市體育館內,巨大的電子屏閃爍著冰冷的倒計時數字。空氣裏彌漫著消毒水味、靜電嗡鳴和少年人無聲的硝煙。四個學校的代表隊如同即將亮劍的士兵,在各自區域站成一排。市一中校長挺著微凸的肚子,志得意滿地站在沈逸三人側前方,鏡片後的目光掃過對面南城一中代表隊時,帶著毫不掩飾的輕蔑——去年就是這群手下敗將。

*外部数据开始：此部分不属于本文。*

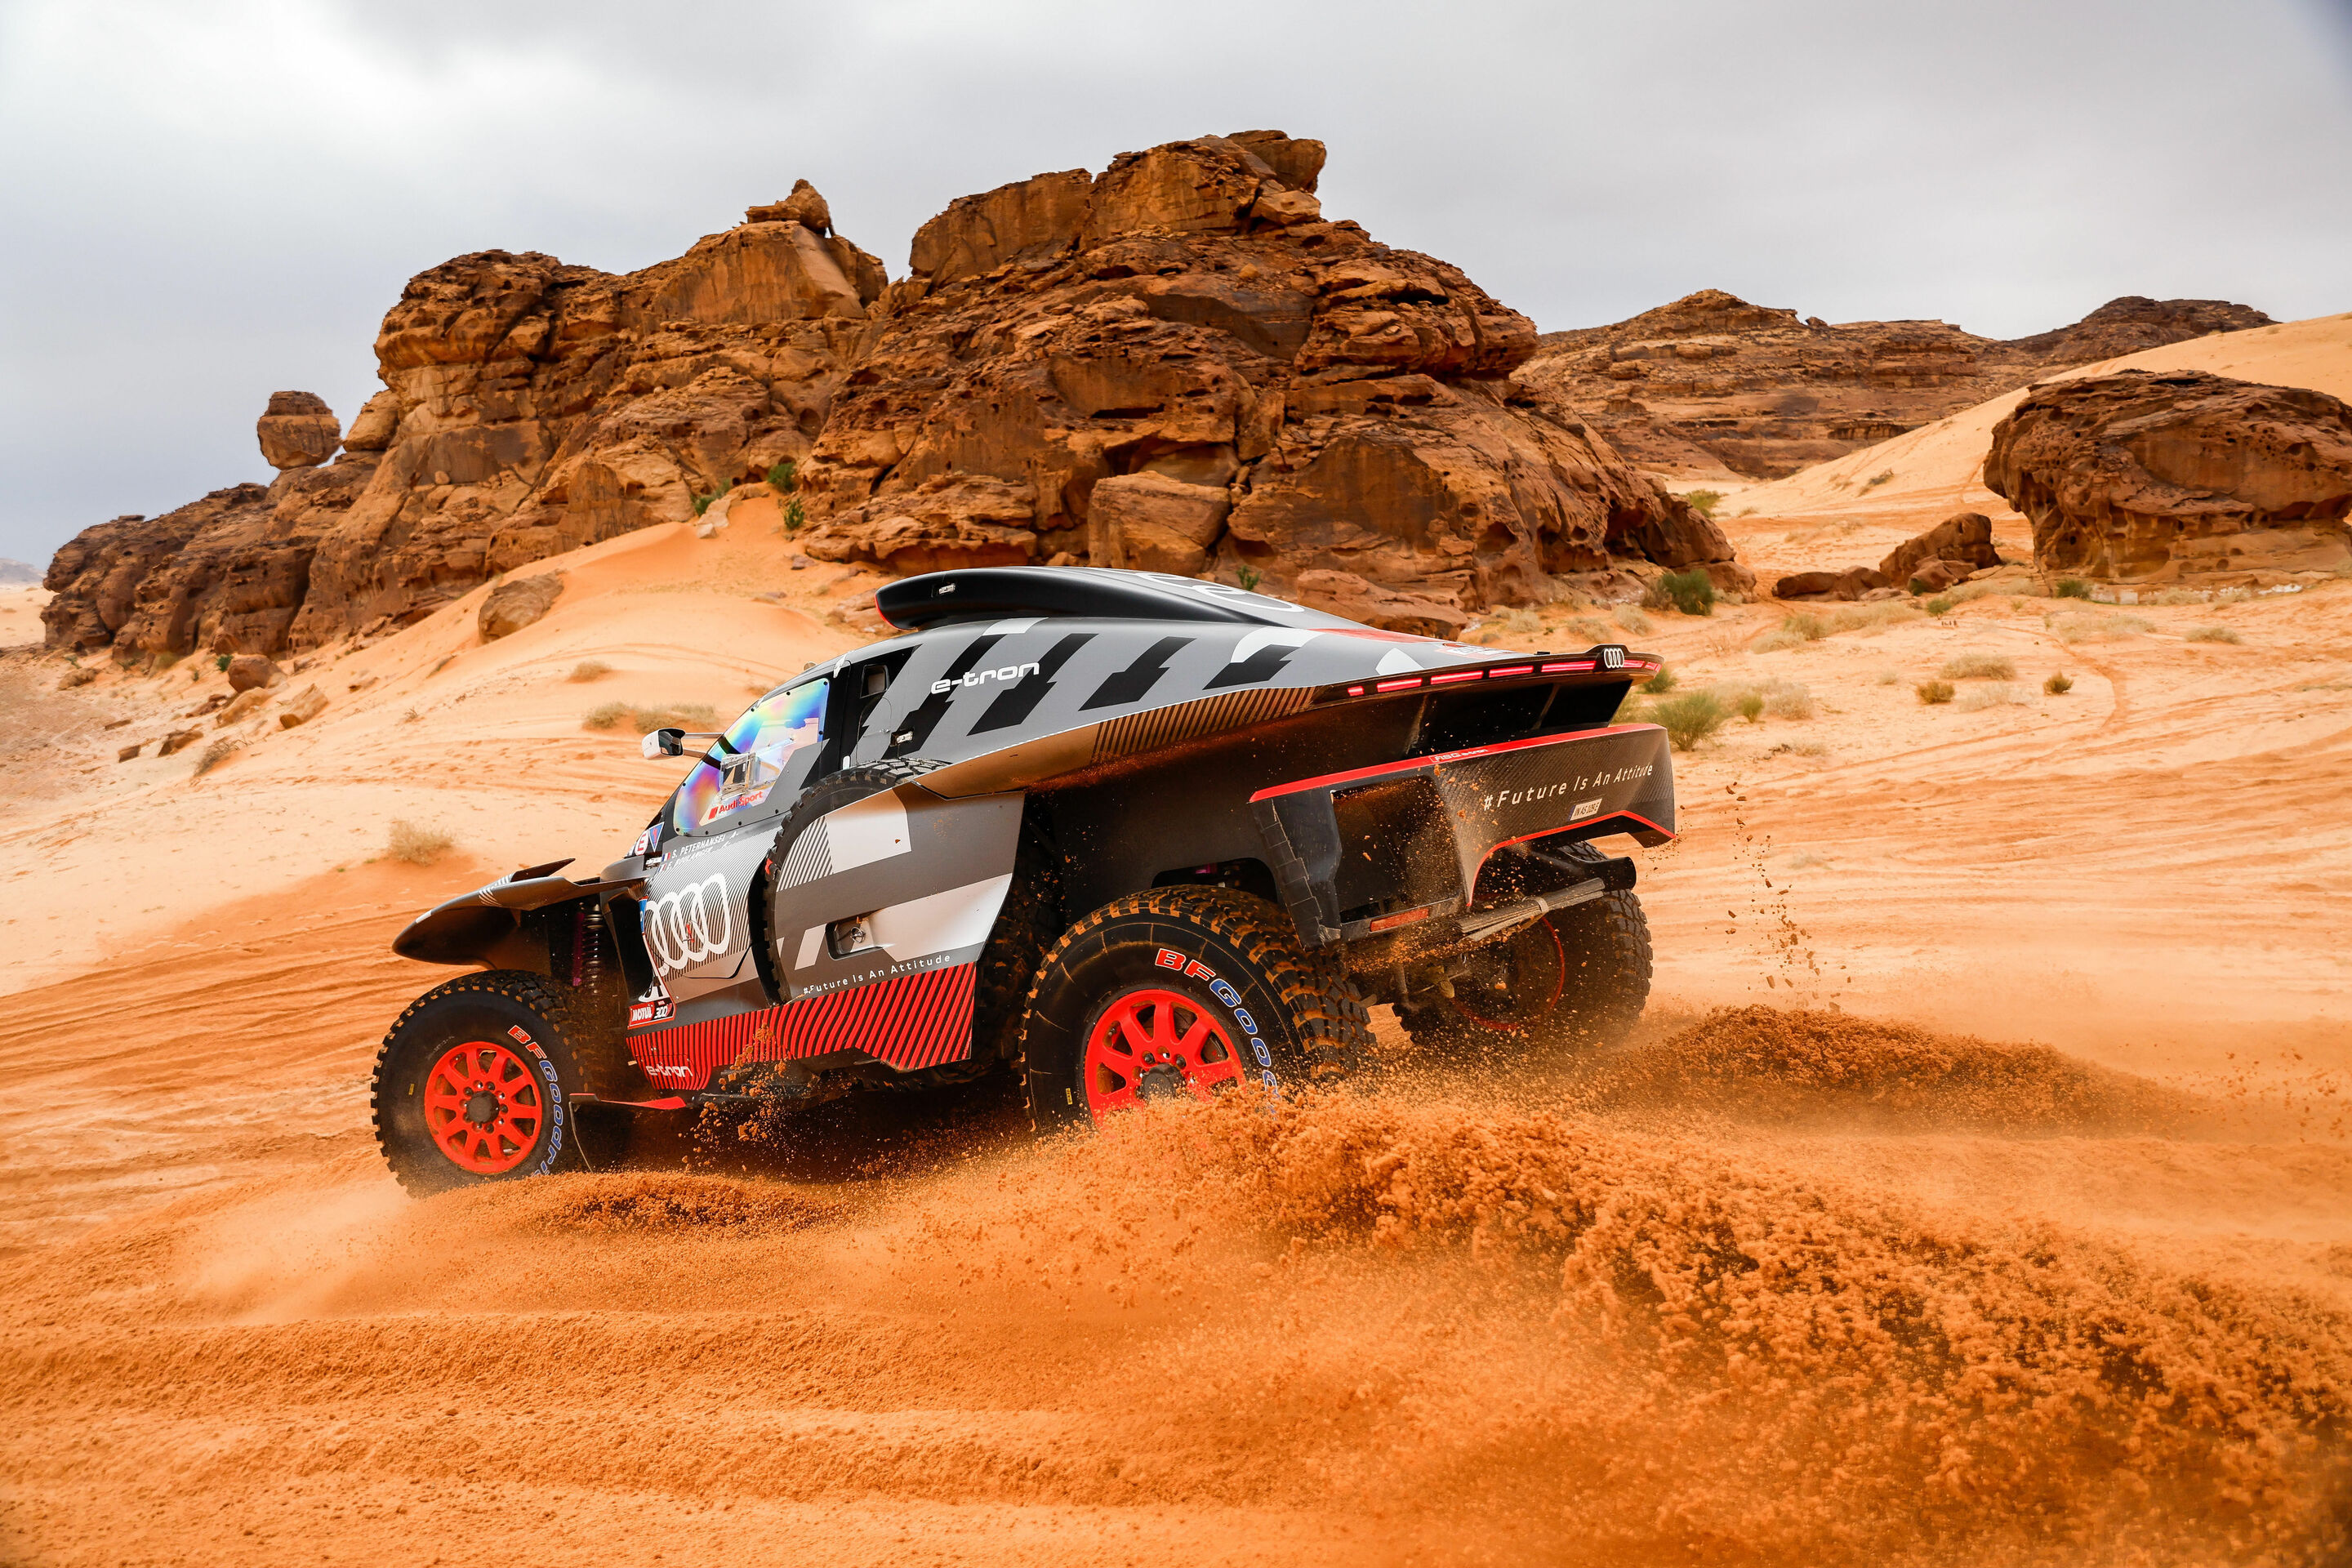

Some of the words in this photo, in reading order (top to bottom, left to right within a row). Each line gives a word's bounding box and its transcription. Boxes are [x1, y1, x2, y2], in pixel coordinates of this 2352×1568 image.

沈逸站在最外側,淺金色的發絲在頂燈下泛著冷光。碧藍的貓瞳平靜無波,看著前方巨大的屏幕,仿佛周圍緊繃的氣氛與他無關。只有那根搭在身側椅背上的三花色貓尾巴,極其輕微、帶著一種近乎傲慢的慵懶,尾尖小幅度地甩動著。顧逢野緊挨著他,高大沈默的身影如同一尊冰冷的雕塑,側臉線條繃得死緊,深邃的眼窩裏,目光沈靜得可怕,只有偶爾掃過沈逸側臉時,眼底才會掠過一絲被強行壓抑的、滾燙的暗流。時雲一則顯得有些緊張,手指無意識地搓著衣角。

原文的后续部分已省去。